**** SOURCE RECORDS

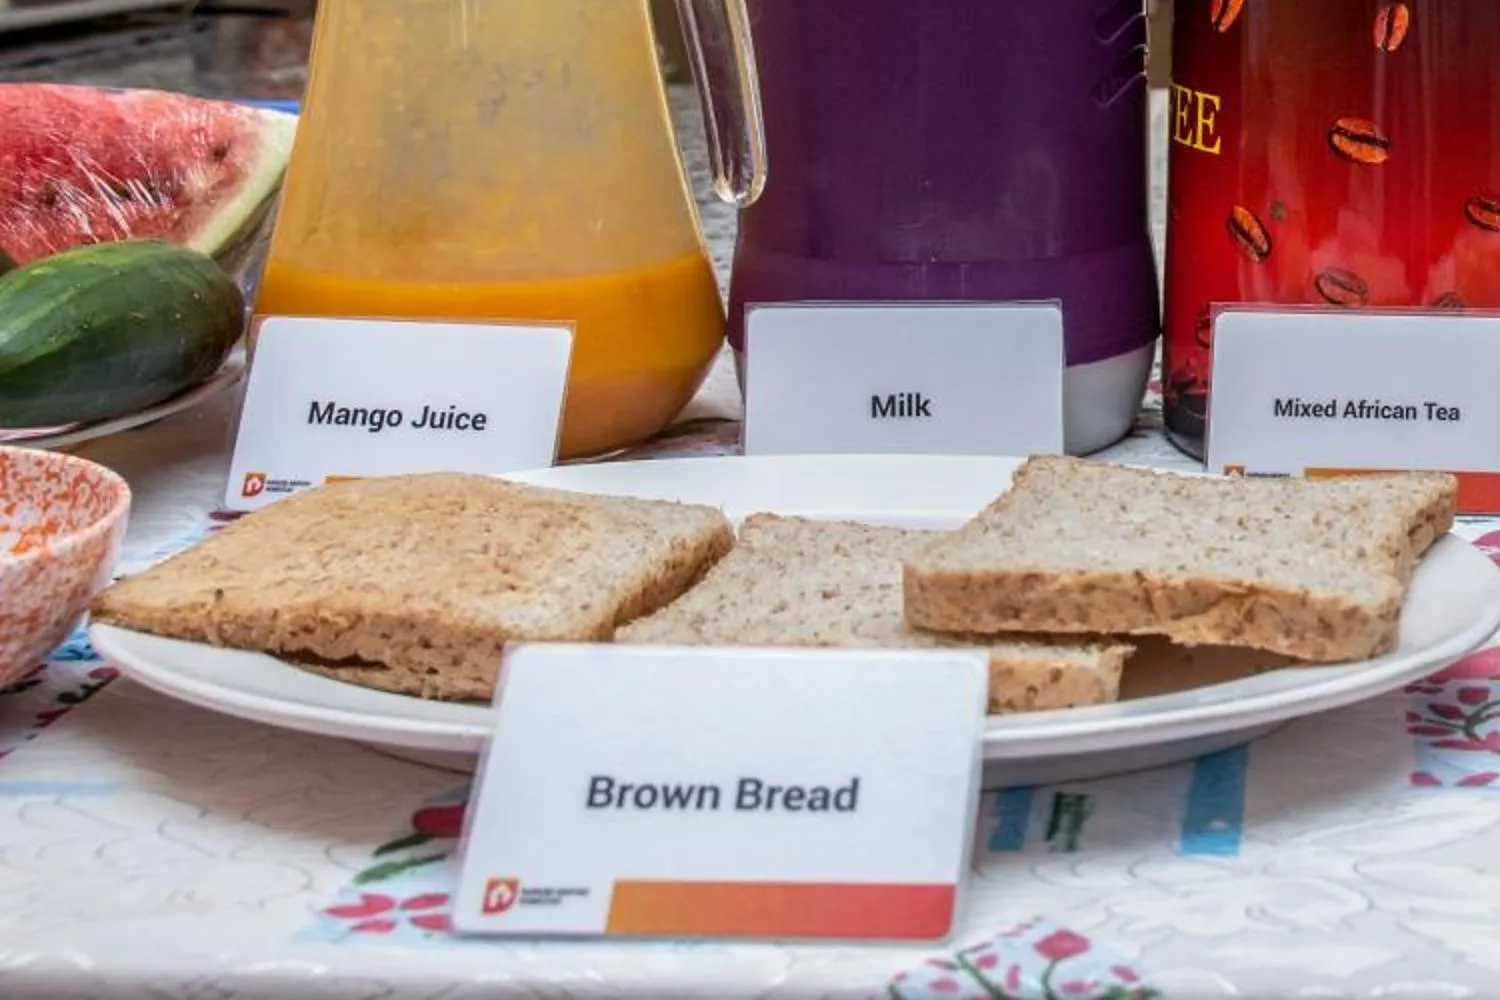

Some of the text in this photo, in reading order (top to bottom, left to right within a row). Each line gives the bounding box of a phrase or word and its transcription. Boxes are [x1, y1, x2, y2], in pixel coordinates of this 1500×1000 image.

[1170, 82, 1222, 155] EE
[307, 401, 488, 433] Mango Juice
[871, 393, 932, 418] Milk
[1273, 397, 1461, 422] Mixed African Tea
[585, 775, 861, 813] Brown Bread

********

Line by line, write out the data above exactly, without the pictures.

Some of the text in this photo, in reading order (top to bottom, left to right within a row). Each line gives the bounding box of a phrase or word and its transcription. Boxes are [x1, y1, x2, y2], in pixel coordinates of this 1500×1000 image.

[1170, 82, 1222, 155] EE
[307, 401, 488, 433] Mango Juice
[871, 393, 932, 418] Milk
[1273, 397, 1461, 422] Mixed African Tea
[585, 775, 861, 813] Brown Bread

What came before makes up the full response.